# TASK ITEM
Every line of the material is to be transcribed verbatim, with images omitted.
[[ SUPPLIED RECORDS open ]]
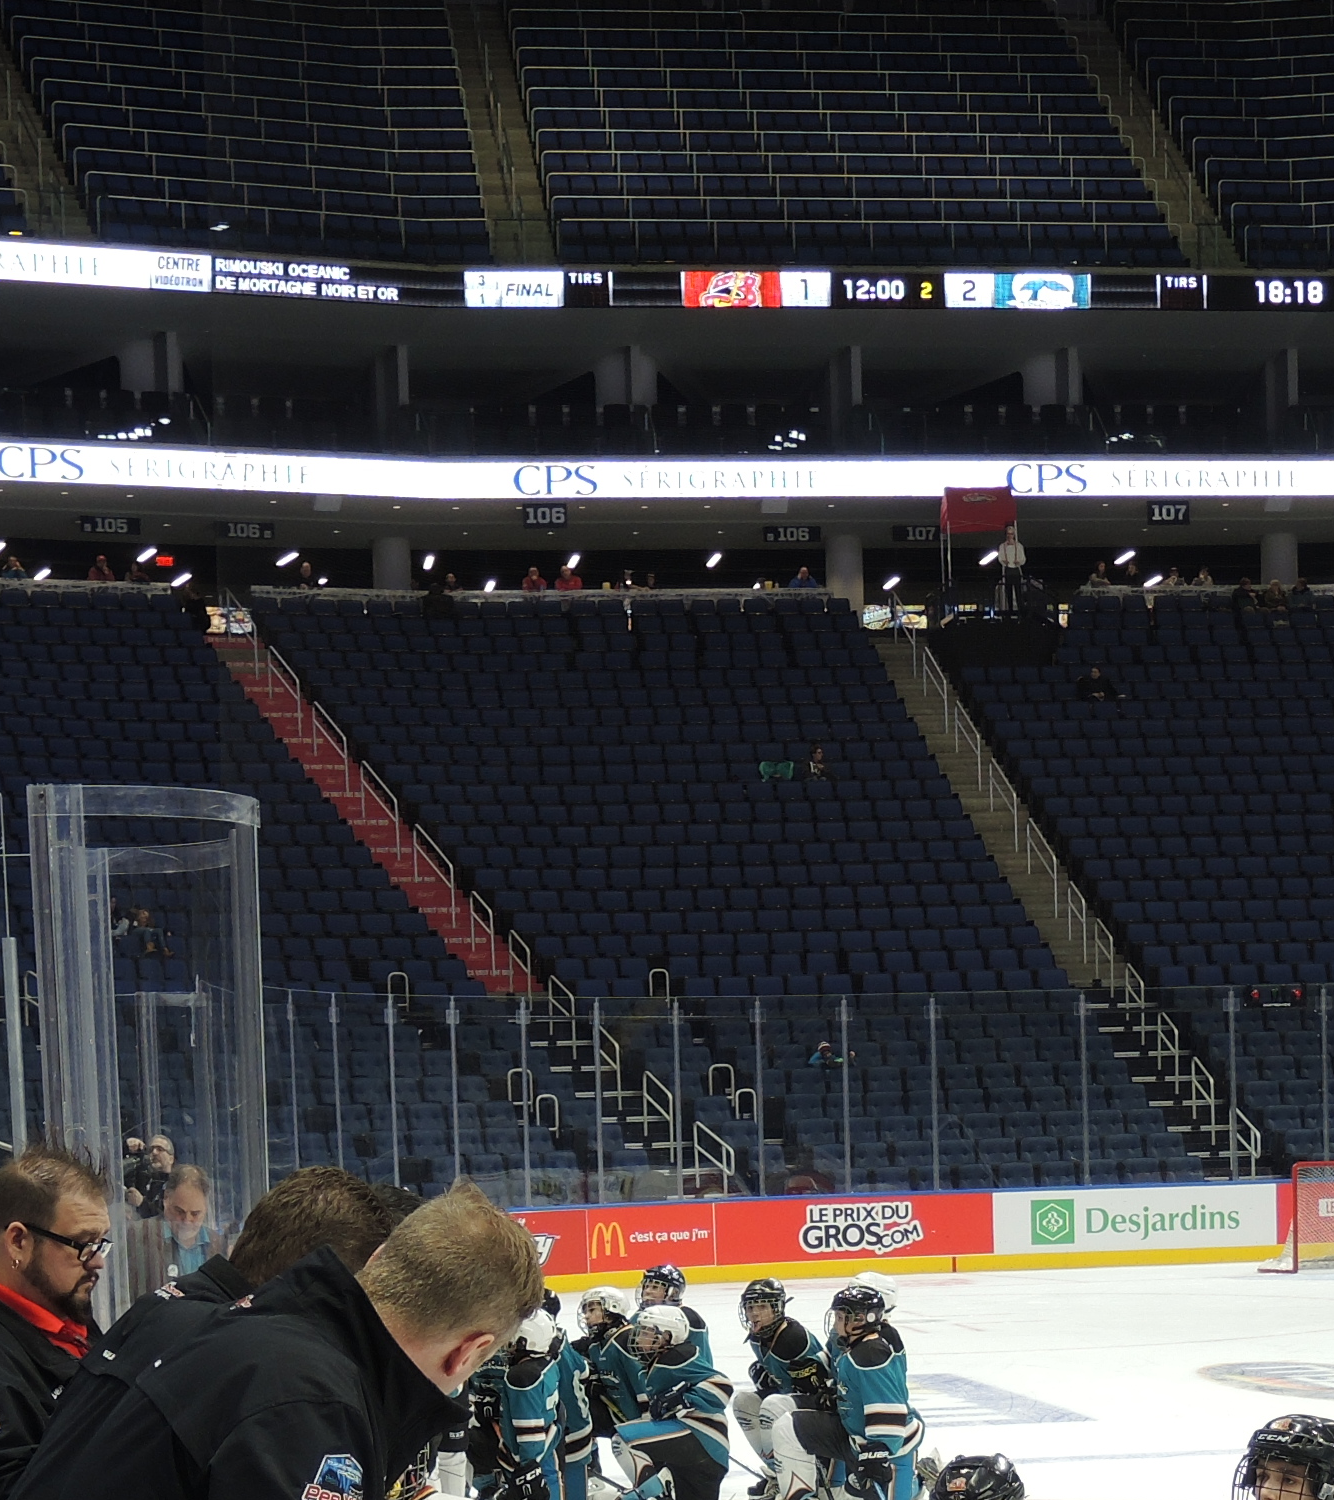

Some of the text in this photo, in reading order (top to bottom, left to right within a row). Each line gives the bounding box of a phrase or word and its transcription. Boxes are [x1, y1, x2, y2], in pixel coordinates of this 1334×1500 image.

[158, 256, 201, 272] CENTRE
[215, 258, 350, 280] RIMOUSKI OCEANIC
[216, 276, 399, 301] DE MORTAGNE NOIR ET OR
[568, 272, 603, 285] TIRS
[843, 278, 905, 299] 12:00
[1165, 275, 1198, 288] TIRS
[505, 282, 554, 298] FINAL
[799, 278, 808, 300] 1
[920, 282, 932, 299] 2
[962, 280, 976, 300] 2
[1254, 281, 1324, 303] 18:18
[513, 464, 599, 495] CPS
[1006, 463, 1088, 494] CPS
[526, 503, 567, 526] 106
[1151, 503, 1187, 523] 107
[93, 517, 128, 533] 105
[227, 522, 261, 539] 106
[777, 527, 810, 542] 106
[906, 525, 936, 542] 107
[809, 1203, 910, 1223] LE PRIX DU
[1085, 1203, 1240, 1241] Desjardins
[629, 1230, 654, 1243] c'est
[655, 1232, 668, 1244] ça
[670, 1231, 689, 1243] que
[[ SUPPLIED RECORDS closed ]]
# ANSWER FOR THE TASK
Some of the text in this photo, in reading order (top to bottom, left to right within a row). Each line gives the bounding box of a phrase or word and its transcription. Boxes are [x1, y1, x2, y2], in pixel coordinates of this 1334×1500 image.

[158, 256, 201, 272] CENTRE
[215, 258, 350, 280] RIMOUSKI OCEANIC
[216, 276, 399, 301] DE MORTAGNE NOIR ET OR
[568, 272, 603, 285] TIRS
[843, 278, 905, 299] 12:00
[1165, 275, 1198, 288] TIRS
[505, 282, 554, 298] FINAL
[799, 278, 808, 300] 1
[920, 282, 932, 299] 2
[962, 280, 976, 300] 2
[1254, 281, 1324, 303] 18:18
[513, 464, 599, 495] CPS
[1006, 463, 1088, 494] CPS
[526, 503, 567, 526] 106
[1151, 503, 1187, 523] 107
[93, 517, 128, 533] 105
[227, 522, 261, 539] 106
[777, 527, 810, 542] 106
[906, 525, 936, 542] 107
[809, 1203, 910, 1223] LE PRIX DU
[1085, 1203, 1240, 1241] Desjardins
[629, 1230, 654, 1243] c'est
[655, 1232, 668, 1244] ça
[670, 1231, 689, 1243] que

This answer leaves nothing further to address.